When Parliament first approved taxpayer handouts for the media in 2019, it did not produce any net job creation, according to a 2021 Department of Canadian Heritage briefing note. “The decrease in advertising revenues caused by the Covid-19 pandemic led to service reductions and newspaper closures resulting in the loss of more than 2,500 jobs,” said the note Improving Federal Support For Journalism.

Nevertheless, Deegan also asked that Parliament award tax credits to newspaper advertisers and bolster its own advertising sixfold to $35 million annually. 

“The recommendations are concrete steps the government can take to address this,” he wrote. “Given the precarious state of the news publishing industry, these necessary steps should be addressed.”
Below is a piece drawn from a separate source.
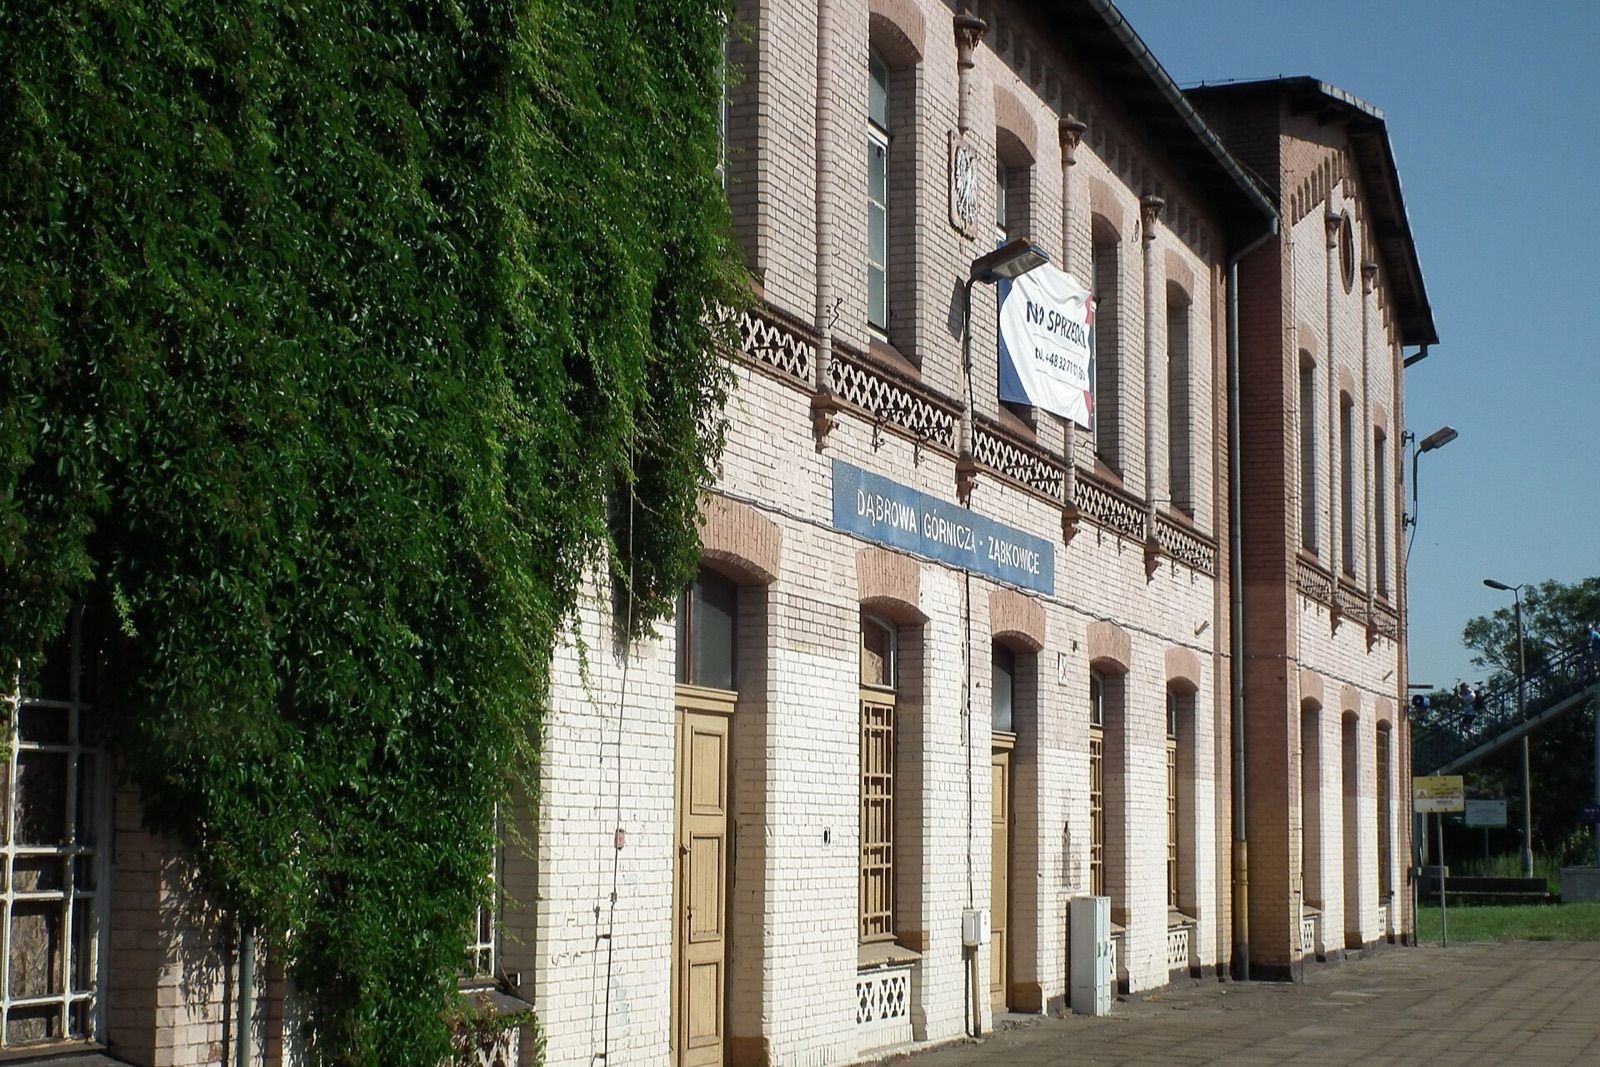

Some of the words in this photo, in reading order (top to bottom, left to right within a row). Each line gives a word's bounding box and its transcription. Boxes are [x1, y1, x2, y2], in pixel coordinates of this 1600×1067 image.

[857, 489, 917, 534] DĄBROWA
[924, 508, 976, 554] GÓRNICZA
[988, 536, 1040, 575] ZĄBKOWICE
In contrast, Official Opposition leader Pierre Poilievre has repeatedly quashed future handouts to the media under a Conservative government. 

“We are going to make sure the government does not use tax dollars to leverage news coverage in its favour,” Poilievre told reporters January 12. “Right now, Justin Trudeau is censoring those he disagrees with and trying to buy off the rest. That undermines confidence among Canadians in the news media.”

Poilievre in a 2022 interview with The Taxpayer, a periodical published by the Canadian Taxpayers Federation (CTF), said: “Frankly I am against all kinds of bailouts, not just for the media.”

“We need a market-driven media that benefits by subscriptions, advertising, sponsorships and donations rather than government subsidies,” he said. “I am against bailouts.”